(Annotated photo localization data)
------------------------------------------------------------
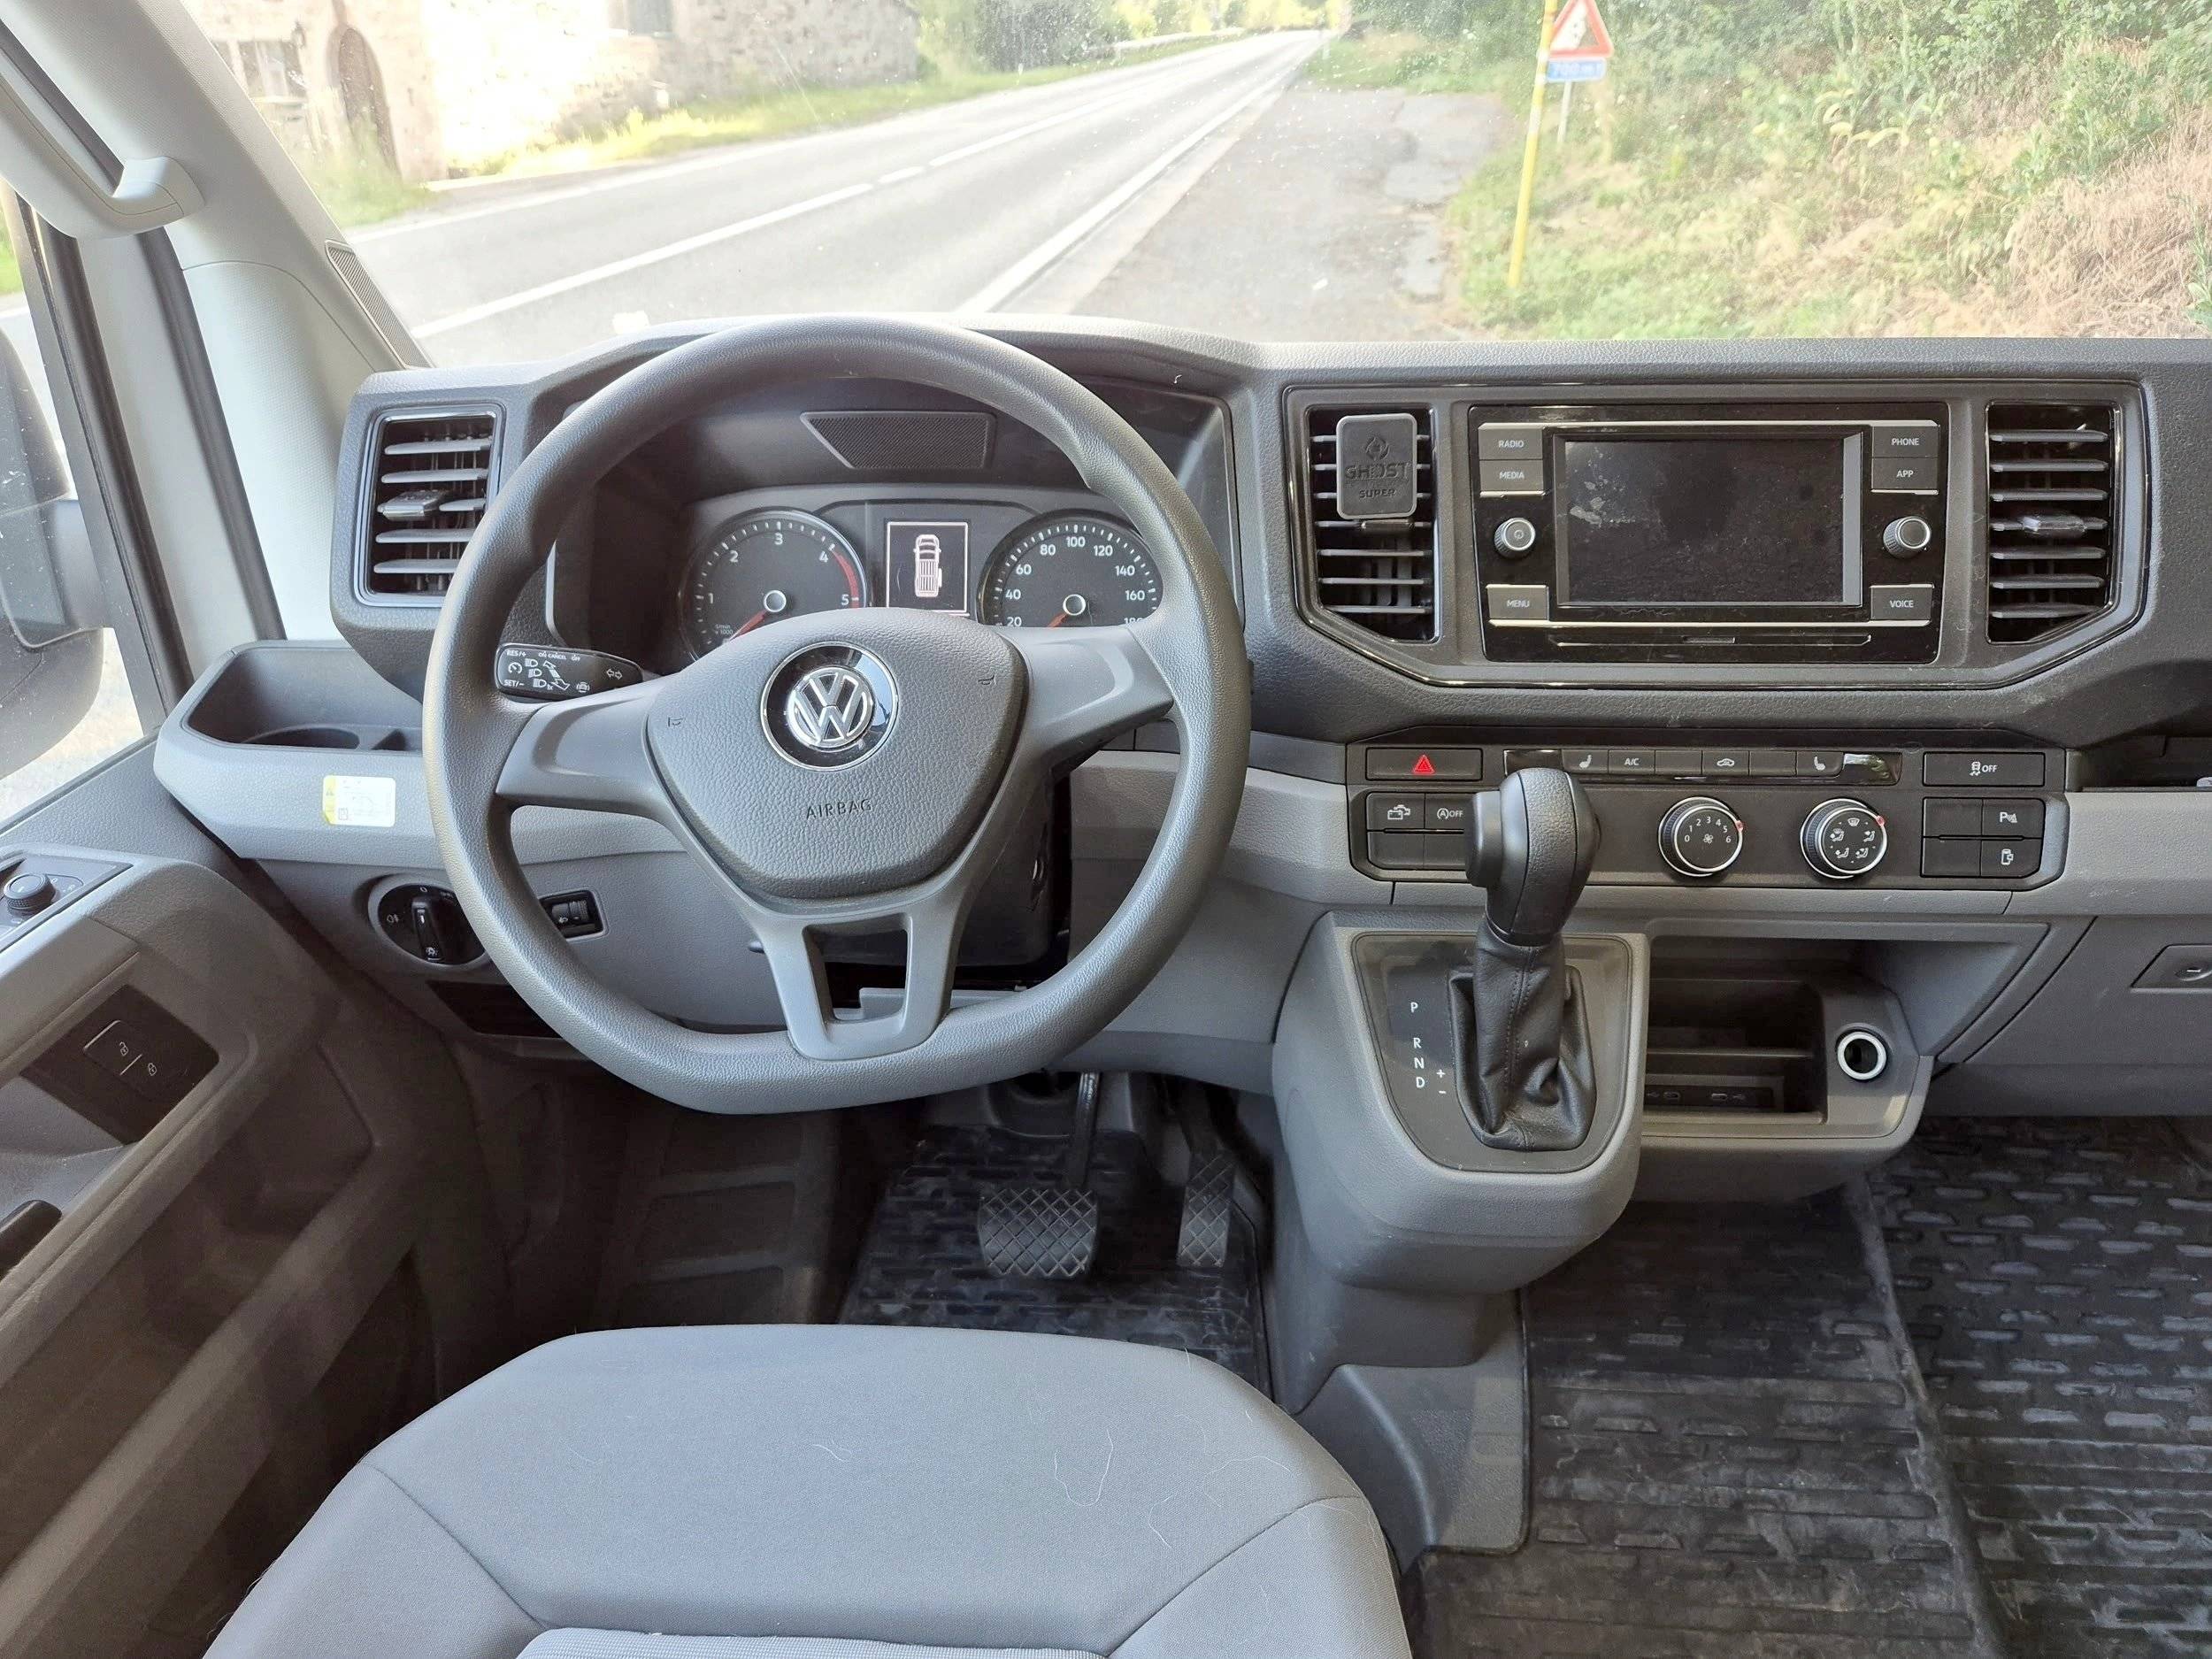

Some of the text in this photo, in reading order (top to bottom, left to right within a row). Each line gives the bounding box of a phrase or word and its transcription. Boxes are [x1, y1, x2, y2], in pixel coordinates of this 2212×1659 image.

[1498, 439, 1524, 449] RADIO
[1891, 437, 1919, 446] PHONE
[1499, 471, 1525, 480] MEDIA
[1896, 470, 1914, 479] APP
[1359, 488, 1396, 498] SUPER
[773, 532, 783, 545] 3
[1066, 536, 1086, 548] 100
[1040, 544, 1056, 556] 80
[1094, 545, 1113, 557] 120
[729, 550, 739, 563] 2
[818, 551, 828, 563] 4
[1016, 564, 1032, 575] 60
[1115, 565, 1135, 576] 140
[708, 593, 714, 603] 1
[841, 594, 849, 606] 5
[1005, 589, 1021, 600] 40
[1125, 590, 1146, 601] 160
[1507, 599, 1530, 608] MENU
[1007, 617, 1022, 627] 20
[1624, 757, 1640, 766] A/C
[1982, 764, 1997, 773] OFF
[806, 799, 872, 820] AIRBAG
[2000, 811, 2008, 823] P
[1723, 825, 1728, 833] 5
[1410, 1002, 1418, 1013] P
[1413, 1037, 1422, 1049] R
[1414, 1056, 1425, 1070] N
[1436, 1069, 1446, 1079] +
[1416, 1076, 1425, 1089] D
------------------------------------------------------------
Description of the task
Retype each entry exactly. No pictures.

Answer section
Some of the text in this photo, in reading order (top to bottom, left to right within a row). Each line gives the bounding box of a phrase or word and its transcription. Boxes are [x1, y1, x2, y2], in pixel coordinates of this 2212×1659 image.

[1498, 439, 1524, 449] RADIO
[1891, 437, 1919, 446] PHONE
[1499, 471, 1525, 480] MEDIA
[1896, 470, 1914, 479] APP
[1359, 488, 1396, 498] SUPER
[773, 532, 783, 545] 3
[1066, 536, 1086, 548] 100
[1040, 544, 1056, 556] 80
[1094, 545, 1113, 557] 120
[729, 550, 739, 563] 2
[818, 551, 828, 563] 4
[1016, 564, 1032, 575] 60
[1115, 565, 1135, 576] 140
[708, 593, 714, 603] 1
[841, 594, 849, 606] 5
[1005, 589, 1021, 600] 40
[1125, 590, 1146, 601] 160
[1507, 599, 1530, 608] MENU
[1007, 617, 1022, 627] 20
[1624, 757, 1640, 766] A/C
[1982, 764, 1997, 773] OFF
[806, 799, 872, 820] AIRBAG
[2000, 811, 2008, 823] P
[1723, 825, 1728, 833] 5
[1410, 1002, 1418, 1013] P
[1413, 1037, 1422, 1049] R
[1414, 1056, 1425, 1070] N
[1436, 1069, 1446, 1079] +
[1416, 1076, 1425, 1089] D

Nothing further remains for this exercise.